Mission Statement
The MDPRC mission is to bring together and fund the world’s leading scientists to research to understand how the modern food environment impacts human health and physiology.
Food For Thought…
In 1960, 13% of the US population was obese. Today the percentage is 36.5. Obesity in turn increases the risk for type II diabetes, which afflicted less than 1% of the population in 1960 and almost 25% today. Alarmingly, the combined overall relative risk for dementia is estimated at 73% higher in people with, compared to without, type II diabetes. And then there are the known associations of obesity and diabetes with cancer and cardiovascular disease. Put simply, the obesity epidemic is fueling the major killers of our time, costing billions of dollars and immeasurable suffering. The tragic irony is that the obesity epidemic results directly from our food environment.
Our Origin
The Modern Diet and Physiology Research Center was established in 2016 to produce top-level, multi-disciplinary research to uncover the pathways that lead from the modern diet to disease with the aim of identifying innovative interventions, preventions and public health strategies.
The Problem
Most scientists agree that the astronomical rise in obesity and diabetes are caused by changes in the food environment. For decades now, researchers have been attempting to uncover the cause, and to date the focus has been on portion sizes, hyper-palatability, ubiquity and energy density. Although these factors are clearly involved in “energy imbalance,” recent findings suggests this is only part of the story. In other words, super-sized fast-food meals and sugar-sweetened beverages may not be the cause of our collective eating disorder so much as a symptom of a deeper malaise that is driving our behavior and our metabolism.
Processed foods deliver energy in doses and mixtures that are unlike the foods that shaped our physiology throughout evolution.
Today’s food costs less, is easier to obtain, and is metabolized faster than the foods we consumed during our evolutionary past. Modern food, furthermore, contains mixtures of nutrients and sensory cues such as artificial sweeteners and flavorings in doses and mixtures that are totally unknown in nature. The effects of this mismatch are the epidemics of obesity and diabetes, which in turn increase the risk for cardiovascular disease, cancer and dementia. Emerging work suggests there is also a direct connection between diet and neurocognitive dysfunction in otherwise metabolically healthy individuals.
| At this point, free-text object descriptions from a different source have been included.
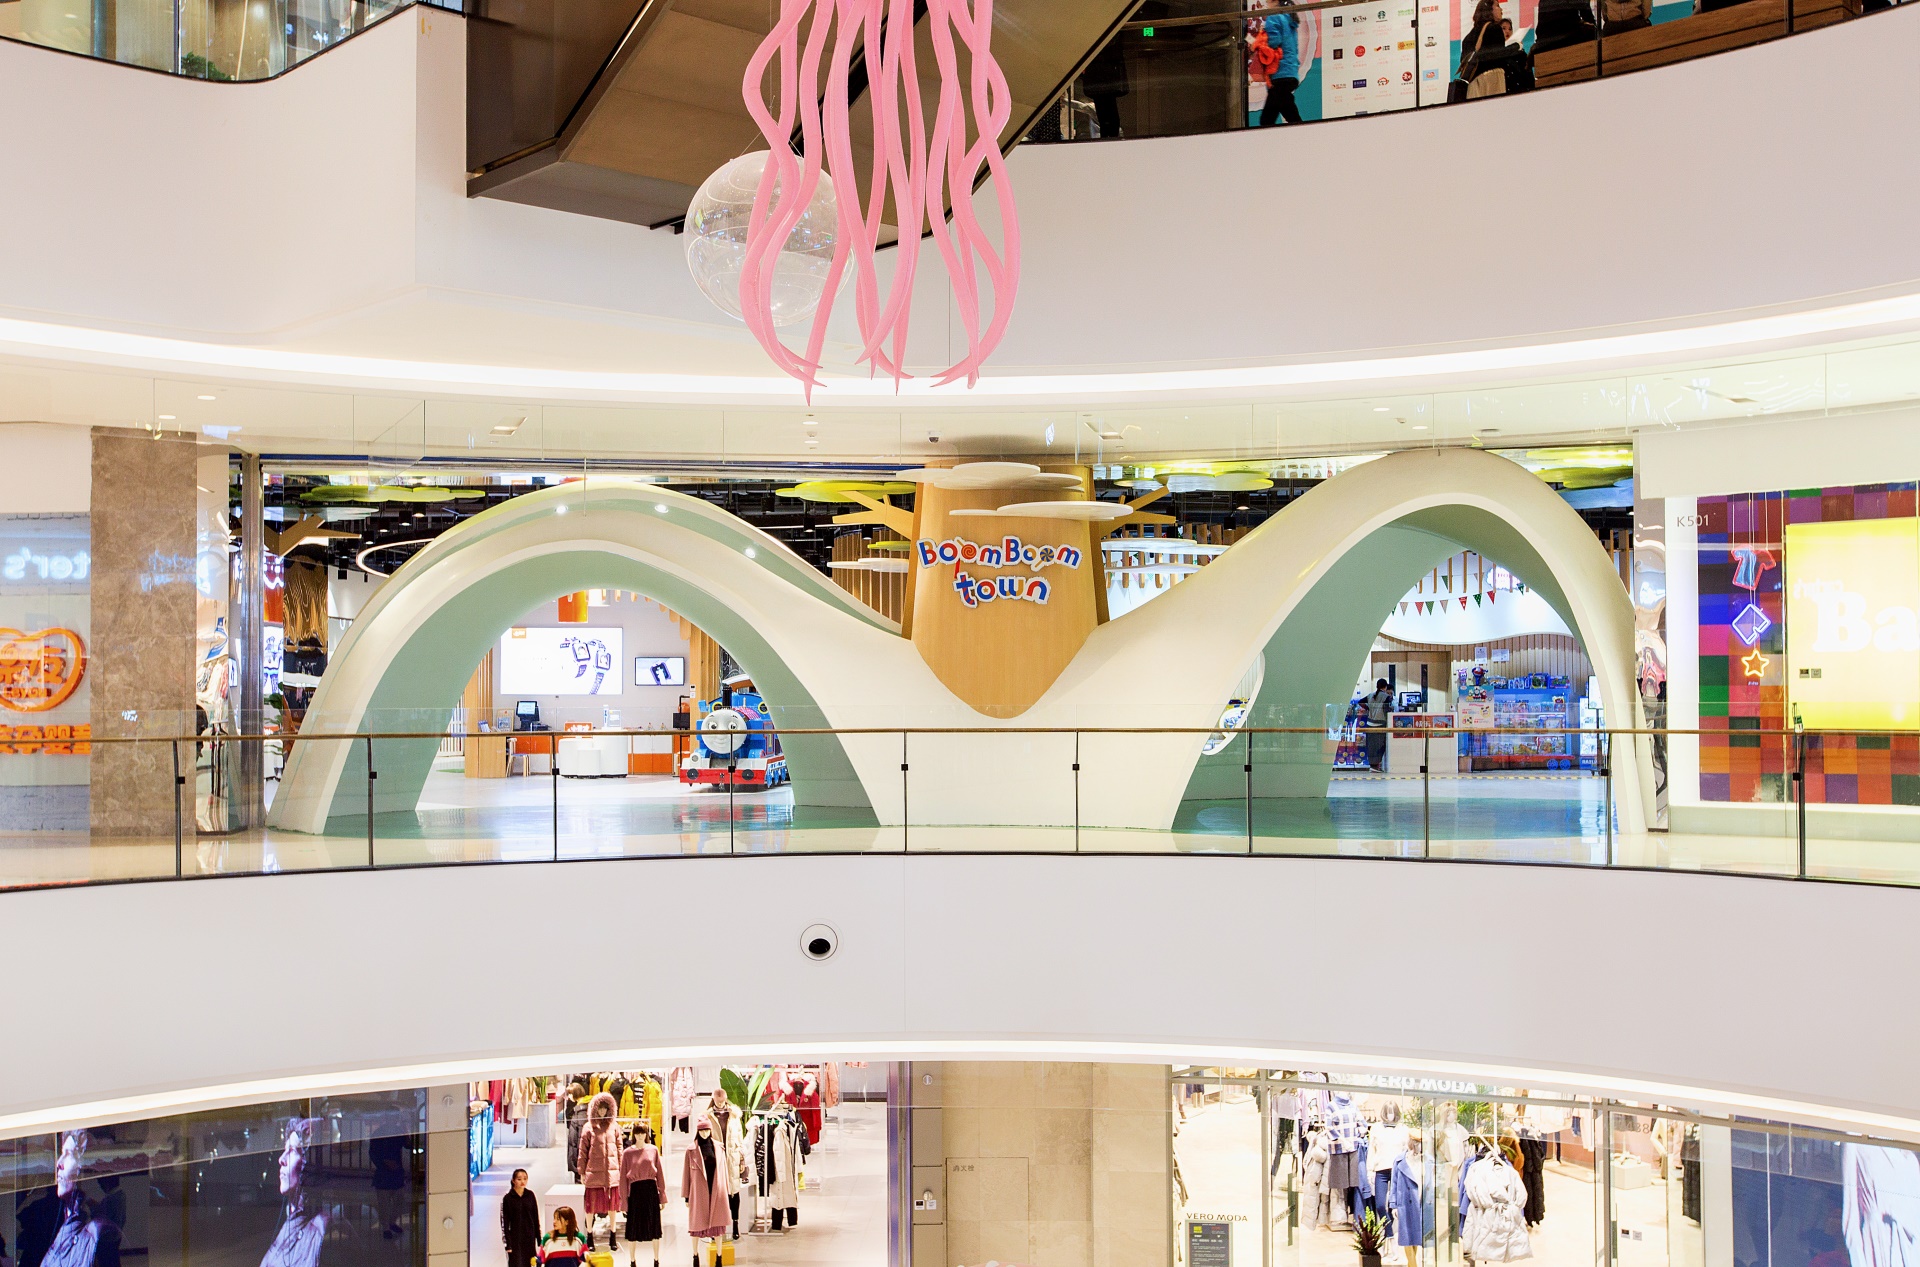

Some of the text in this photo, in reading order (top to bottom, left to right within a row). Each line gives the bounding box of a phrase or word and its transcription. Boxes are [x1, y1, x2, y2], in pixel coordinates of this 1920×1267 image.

[1676, 513, 1710, 528] K501
[953, 572, 1051, 608] town
[1186, 1212, 1248, 1222] VERO MODA
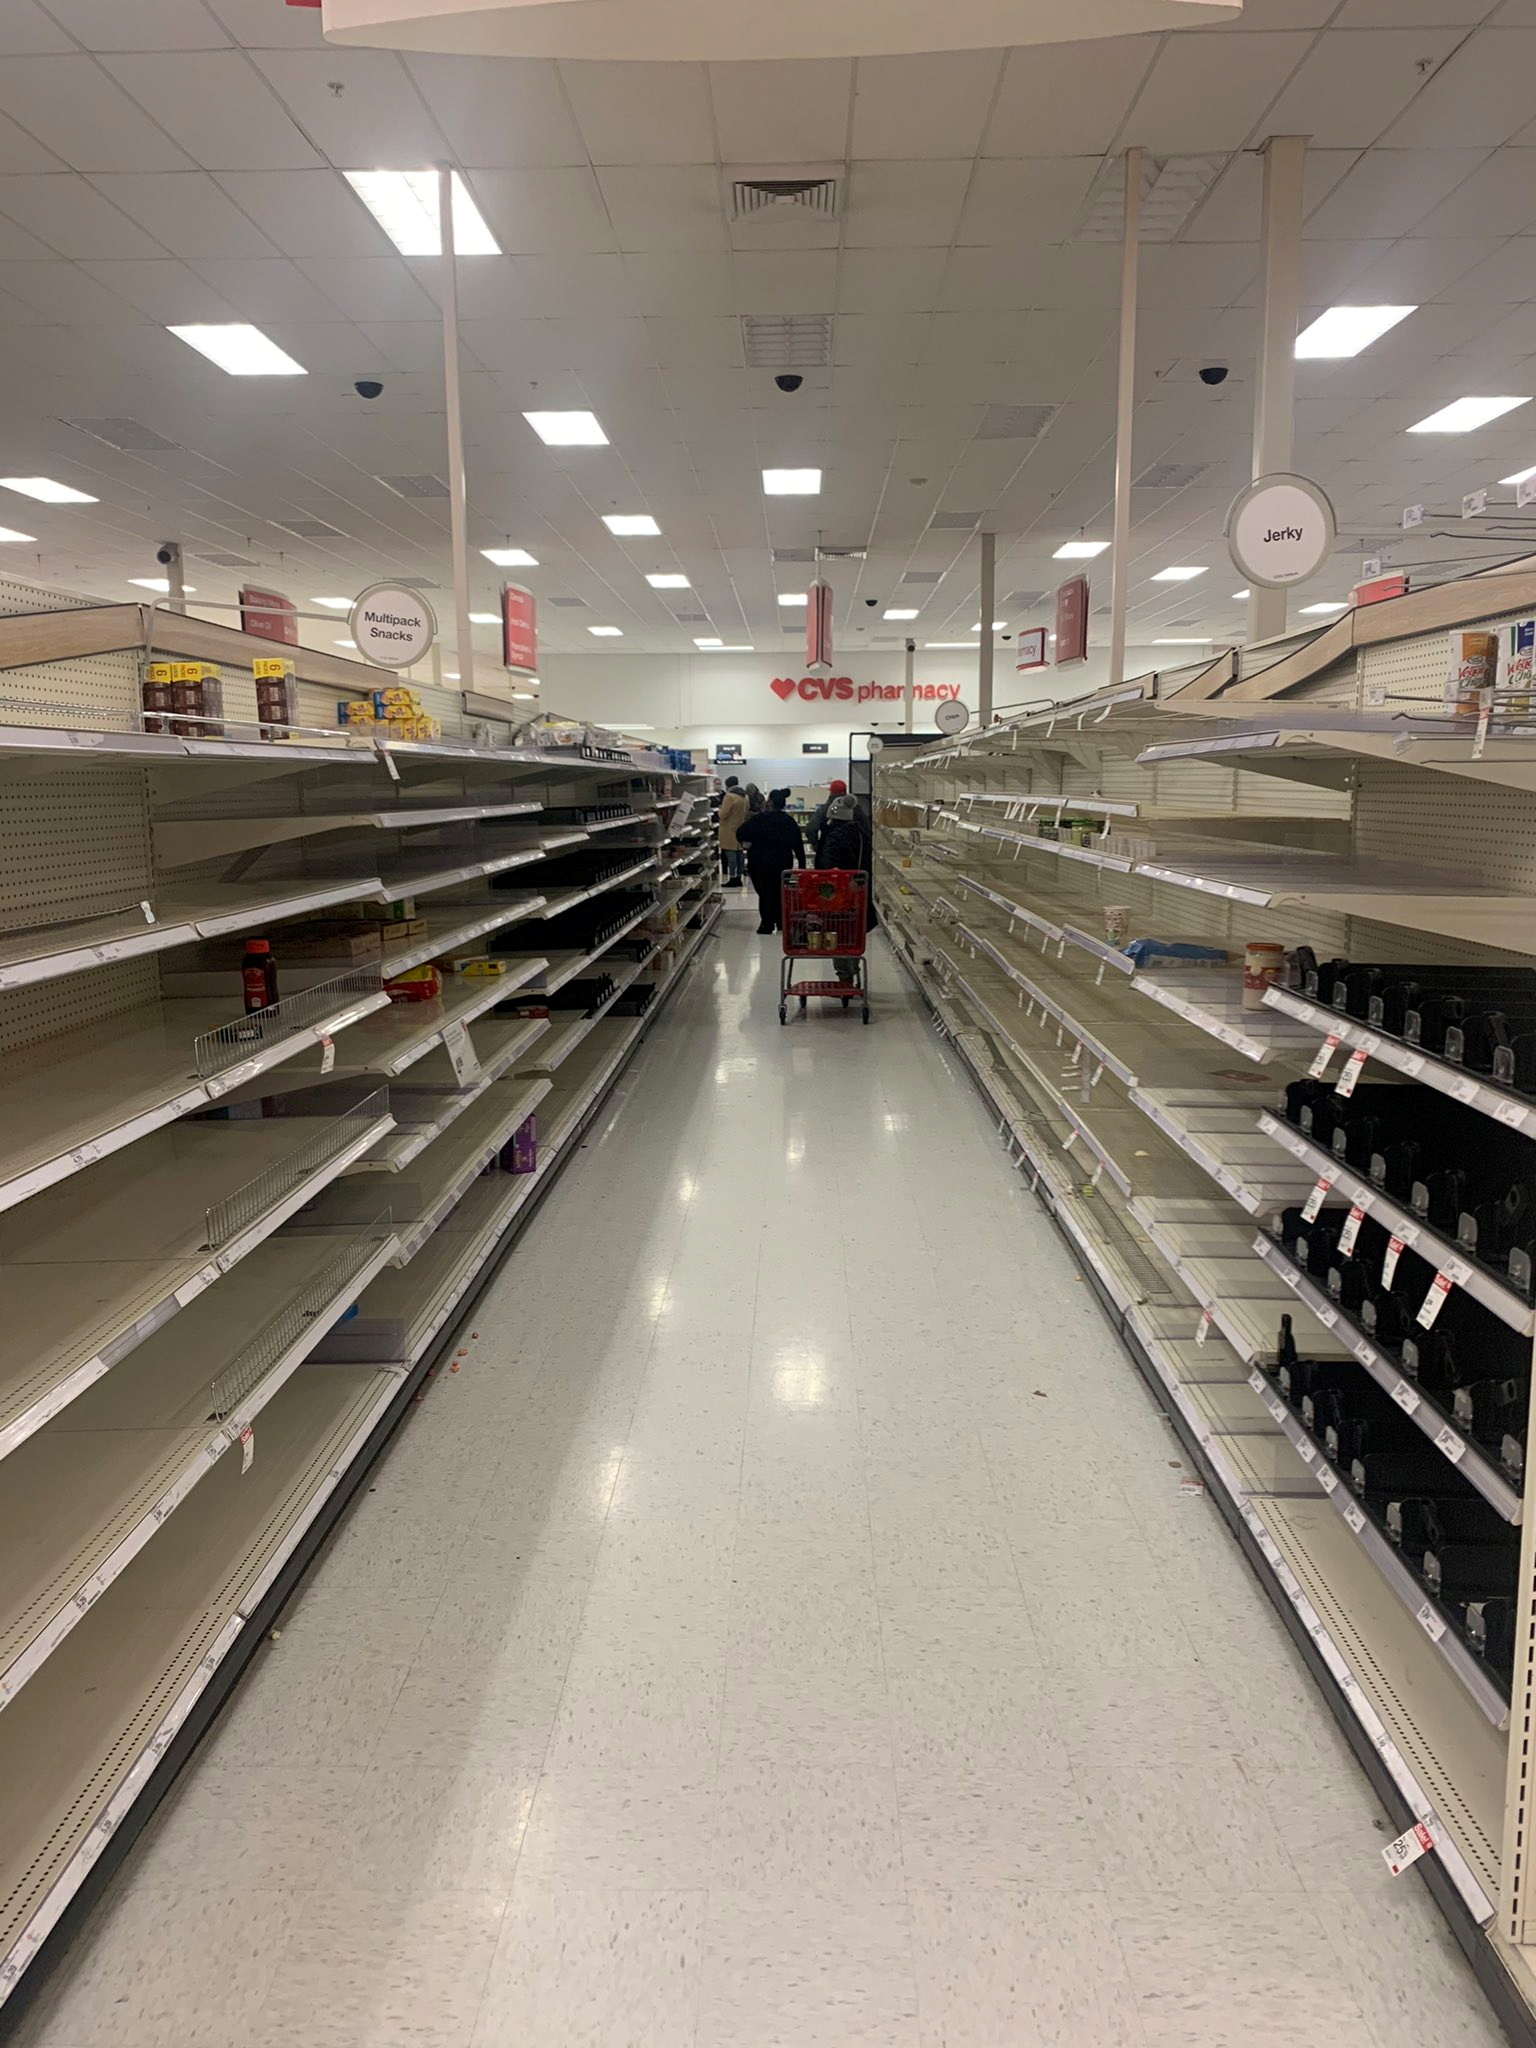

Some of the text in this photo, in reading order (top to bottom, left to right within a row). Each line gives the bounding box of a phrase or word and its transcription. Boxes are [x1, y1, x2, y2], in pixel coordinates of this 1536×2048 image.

[1264, 526, 1303, 542] Jerky
[364, 611, 422, 628] Multipack
[370, 627, 414, 642] Snacks
[798, 677, 854, 701] CVS
Scientists have been investigating obesity and metabolic disease, but this work has been highly independent in nature, with very little interaction between the extremely specialized departments that characterize modern science. The National Institutes of Health (NIH), to use one example, are separated into silos that focus on metabolism (NIDDK), taste and flavor (NIDCD), addiction (NIDA) and motivated behavior (NIMH). The modern food environment presents a problem that requires focus on the intersection of these fields, which rarely takes place in research or at conferences. Furthermore, expertise in food sciences, which is essential to the development of processed foods by multinational food corporations is almost never integrated with expertise in neuroscience or metabolism and is entirely unsupported by NIH.
The Solution
By creating a multi-institutional cross-disciplinary center to support training, program development, and scientific investigation into the mechanisms by which diet leads to disease, the MDPRC strives to be part of the solution. Our initiatives range from a pilot project program to support new research programs and collaborations, the MDPRC investigator initiative to support established scientists with a track record for innovative science, and workshops and symposia to share ideas and engage the public and private sectors.